Not sure if it's been posted but apparently the frontal lobotomy was a complete scam made up by quacks. https://en.wikipedia.org/wiki/Lobotomy

Quote:
The originator of the procedure, Portuguese neurologist António Egas Moniz, shared the Nobel Prize for Physiology or Medicine of 1949 for the "discovery of the therapeutic value of leucotomy in certain psychoses",[n 1] although the awarding of the prize has been subject to controversy.[5]

The use of the procedure increased dramatically from the early 1940s and into the 1950s; by 1951, almost 20,000 lobotomies had been performed in the United States and proportionally more in the United Kingdom.[6] The majority of lobotomies were performed on women; a 1951 study of American hospitals found nearly 60% of lobotomy patients were women; limited data shows 74% of lobotomies in Ontario from 1948–1952 were performed on women
https://www.nzherald.co.nz/world/an-...YJKKSRYMKGZEE/

Quote:
Portuguese neurologist Antonia Moniz performed the first lobotomy in 1935, drilling holes into a patient's skull, pouring alcohol into the frontal cortex to sever the nerves, before coring sections of the brain with hollow needles.
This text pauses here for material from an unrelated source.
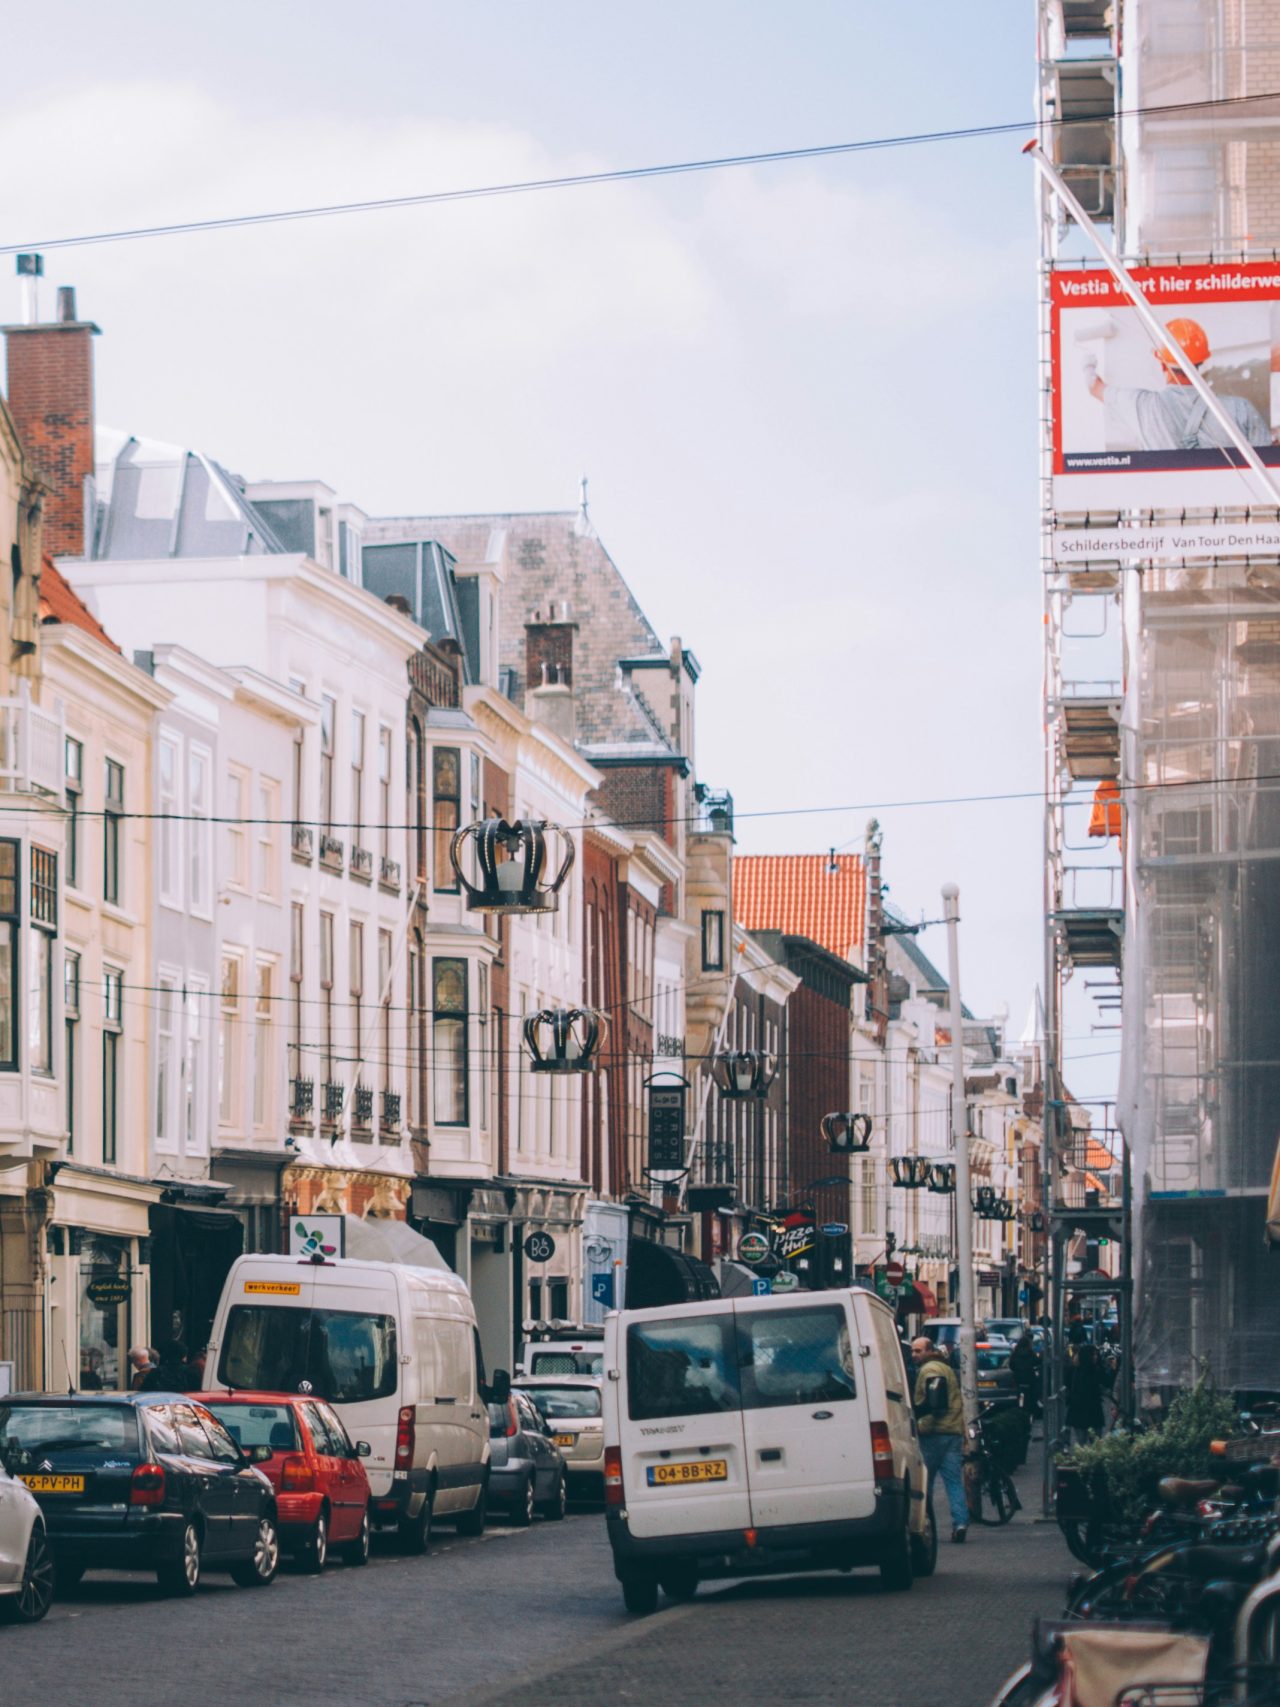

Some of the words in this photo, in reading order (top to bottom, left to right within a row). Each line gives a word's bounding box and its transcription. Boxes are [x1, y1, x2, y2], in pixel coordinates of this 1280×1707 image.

This procedure, which he called a "leucotomy", was supposed to cure a variety of mental health issues, particularly depression and schizophrenia, for patients who were believed to be beyond help.
Quote:
Freeman realised he could easily reach the brain by using the icepick, which was into the brain through the eye sockets; he named this radically invasive form of brain surgery a "transorbital lobotomy" but it became more commonly known as the "icepick lobotomy".

The barbaric procedure was responsible for at least 490 deaths and left thousands of people in a vegetative state.

Sadly, in many cases, that was believed to be an improvement in the lives of many mentally ill people as they were now easier for mental institutions or family members to take care of.
Quote:
THE YOUNGEST PATIENT WAS 12 YEARS OLD

Twelve-year-old Howard Dully was forced to have a lobotomy because, as his stepmother insisted, he was "defiant, daydreamed and even objected to going to bed". (In other words, he was a typical 12-year-old).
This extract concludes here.